_Task to carry out_
If an entry below holds a picture, skip the picture and copy everything else exactly.

_Source material_

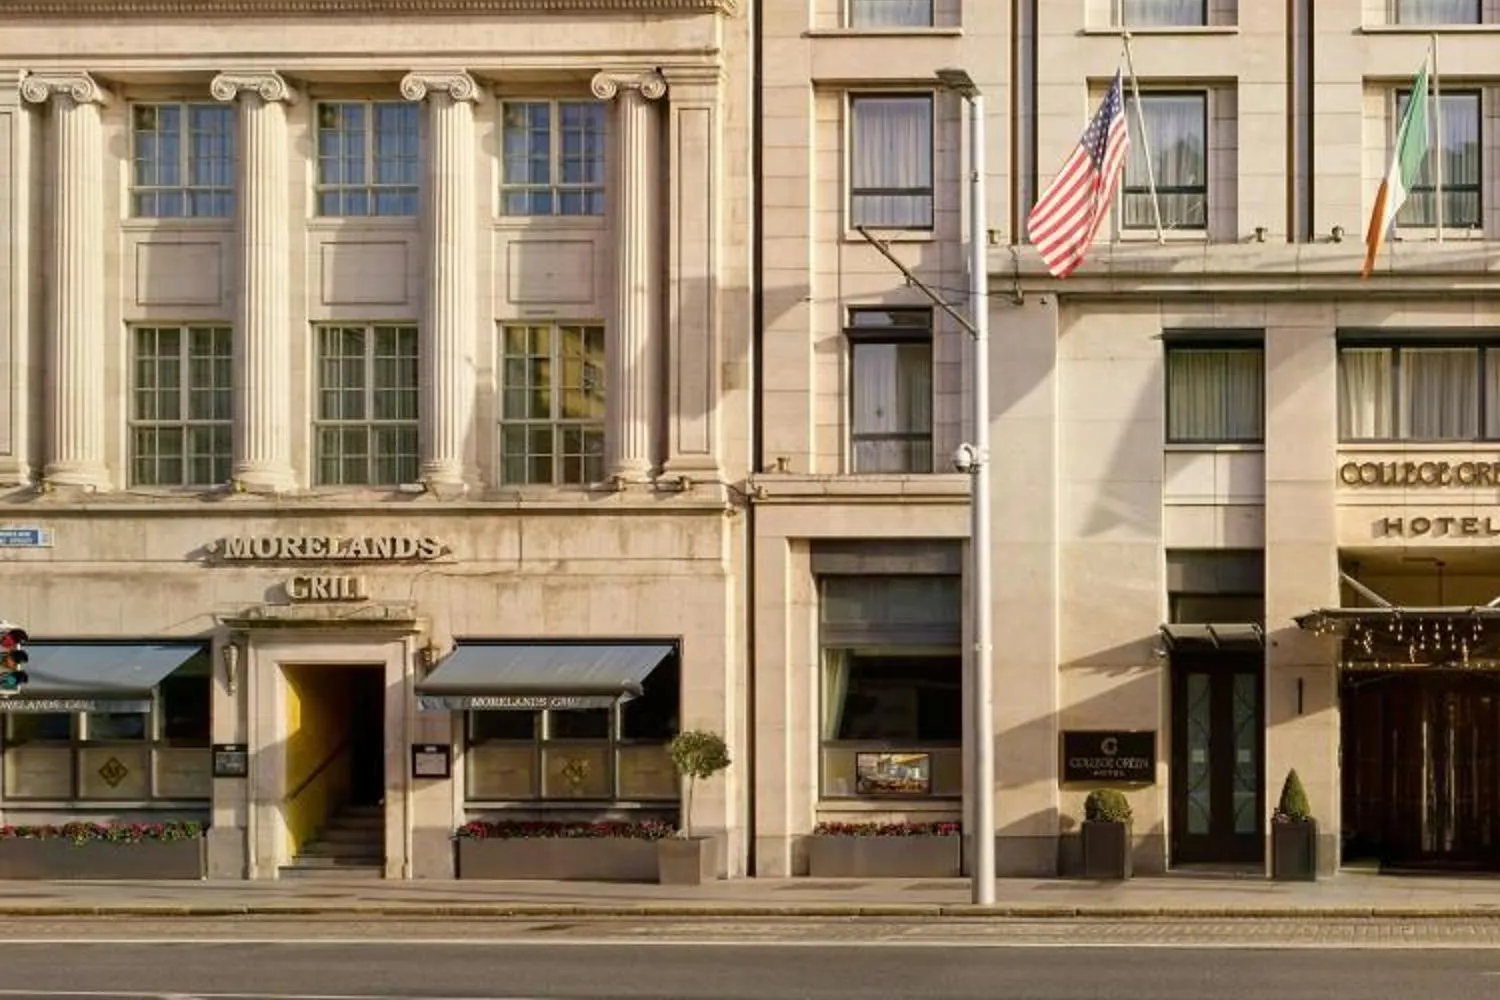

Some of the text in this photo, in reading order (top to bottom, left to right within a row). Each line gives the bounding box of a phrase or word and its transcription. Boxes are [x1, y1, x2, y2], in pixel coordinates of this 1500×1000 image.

[1339, 461, 1451, 486] COLLEGE
[222, 535, 442, 560] MORELANDS
[285, 575, 369, 600] GRILL
[471, 696, 547, 708] MORELANDS

_Answer below_
Some of the text in this photo, in reading order (top to bottom, left to right within a row). Each line gives the bounding box of a phrase or word and its transcription. Boxes are [x1, y1, x2, y2], in pixel coordinates of this 1500×1000 image.

[1339, 461, 1451, 486] COLLEGE
[222, 535, 442, 560] MORELANDS
[285, 575, 369, 600] GRILL
[471, 696, 547, 708] MORELANDS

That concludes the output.